I look at what choices they are making from session to session. Have they learned from past mistakes? Do they try to negotiate with a threat or go straight into combat? Or do they still murder hobo their way through the game regardless of how the DM reacts to them?
A player doesn't have to be an actor, but they can still see their character grow the more they play. It's great to see and one of my favourite things to observe as a DM.
Sir, the possibility of successfully navigating an asteroid field is approximately 3,720 to 1!
Never tell me the DC.
I thick Matt Coville talks about how development takes place when, on a character's personal journey, they change from going after what they want and acting accordingly and go gradually to recognize what they *need* and act accordingly.
Goes without saying that what they think they need (i.e. want) is different from what they actually need.
I appreciate the feedback :)
I may have phrased this inaccurately, or incompletely.
I'm trying to tie this all back to my goal/policy of "reward the things in game that you want to promote in your game". So, I have rewards not only for combat, but solving situations socially or with skills ( not for making a successful skill roles, but solving the encounter regardless whether it's with a sword or with diplomacy ), and uncovering world lore and locations. This covers off the "three pillars" of Combat, Social Interaction, and Exploration.
I'd also like to promote other things in my game: Creativity, and having an interesting and dynamic Character.
Creativity isn't a problem to reward: if they solve a problem creatively, they get the reward for solving the situation, plus a little creativity bonus frosting on top. If they don't actually solve the problem, they don't get a reward for "clever thinking" - only creative success is rewarded.
In order to make this a concrete game rewards thing, I'm trying to figure out a way to tie something as nebulous as "character development" to concrete measurements and rewards ( and feeling vague ridiculous doing so :P ).
I think your collective feedback has sparked an idea!

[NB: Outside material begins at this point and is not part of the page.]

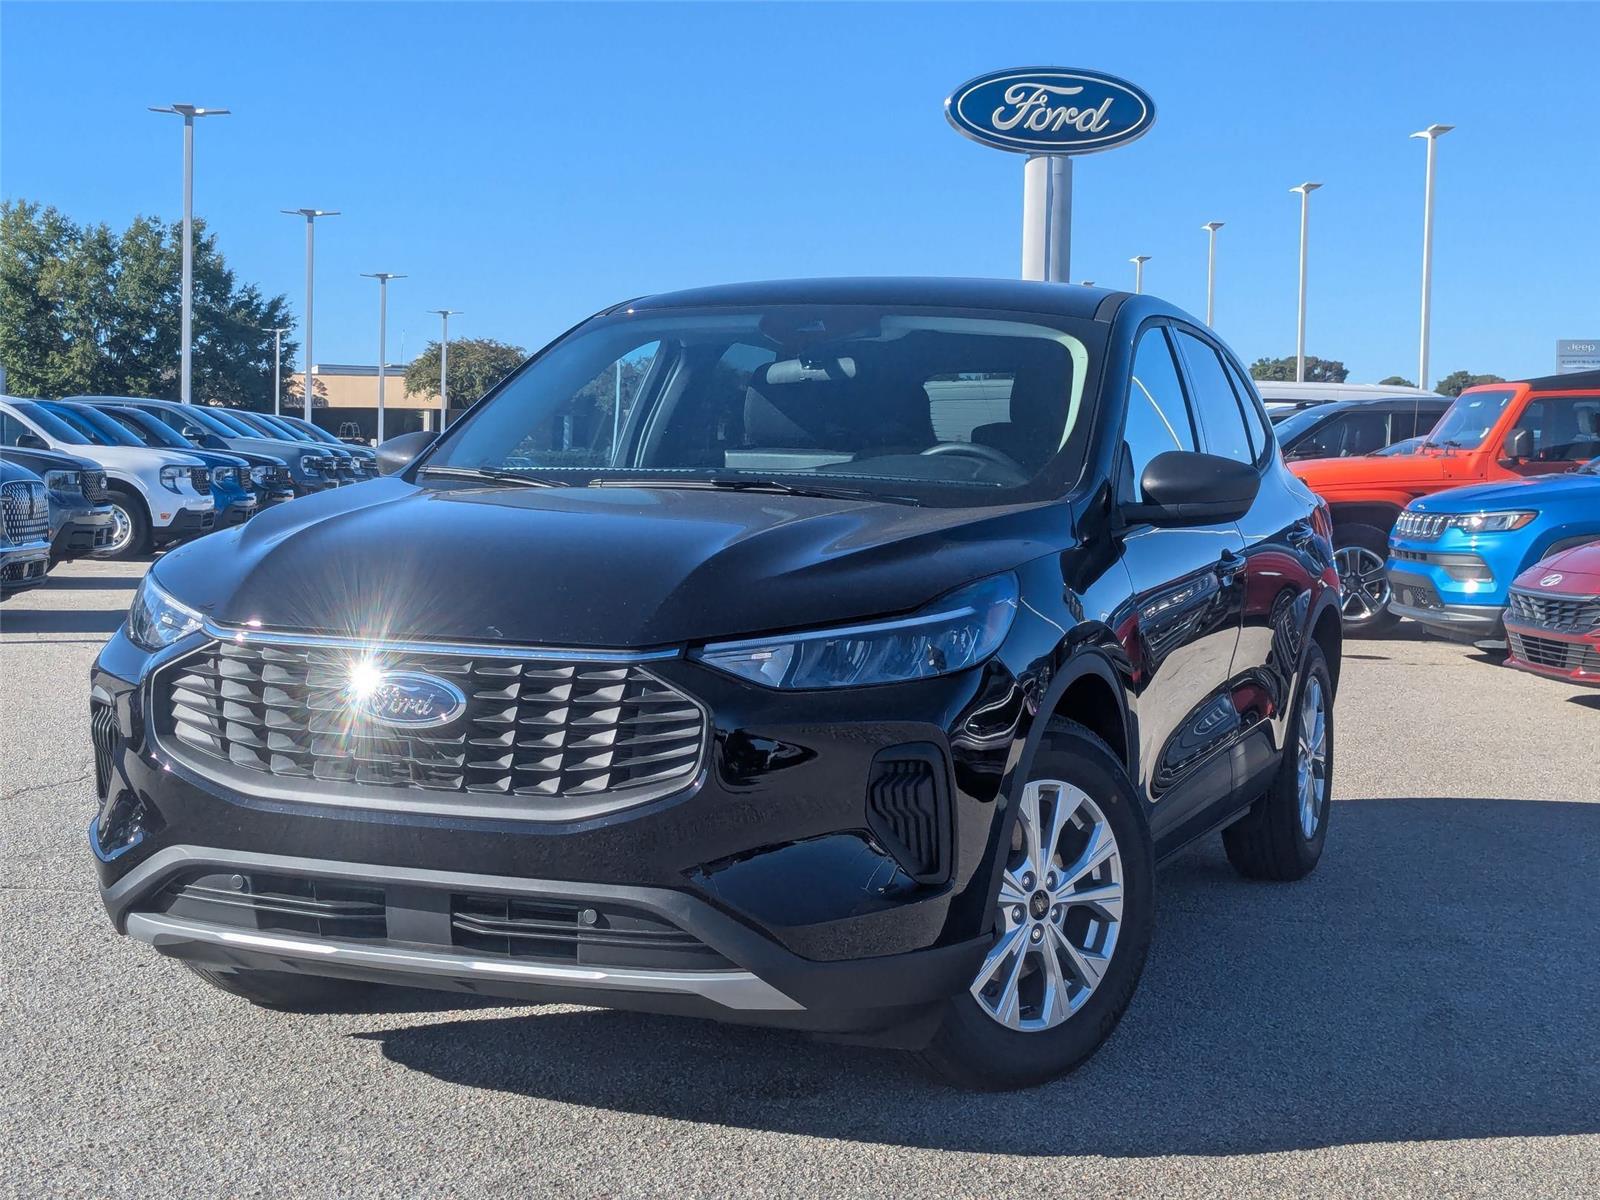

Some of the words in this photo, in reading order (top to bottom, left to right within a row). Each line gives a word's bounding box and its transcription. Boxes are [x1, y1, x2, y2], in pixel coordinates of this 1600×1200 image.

Hearkening back to Critical Role, I'm thinking about Nott, here - she had a concrete goal of finding her husband and son. This was a goal rooted in her backstory. If Sam Riegel was in my group ( apart from me passing out ) I would definitely have given Nott a "development bonus" for succeeding at concluding part of her "character arc".
So, that might be an avenue here: Reward the Players for succeeding at their self-selected, in-character, goals. If I reserve the right to "vet" these goals, limit awarded bonuses to goals they select which are rooted in either their backstories, or their adventures, then it's an incentive for them to create a backstory they can mine for personal goals. I can't see vetoing a personal goal unless it was wildly out-of-character. The only intent here is to prevent Players from spamming ludicrous goals out to try and claim personal rewards ( ...uh ... yeah ... my Character has always had an ambition of hitting all the pubs in Waterdeep ... yeah ... ). I could also see allowing Players to retro-actively claim goals, if what they did was unplanned and done in the "heat of the moment", but was thematically significant to their Character concept ( I'm thinking of Beau committing to being part of the Cobalt Soul - it was a moment of Character growth that she hadn't planned on ).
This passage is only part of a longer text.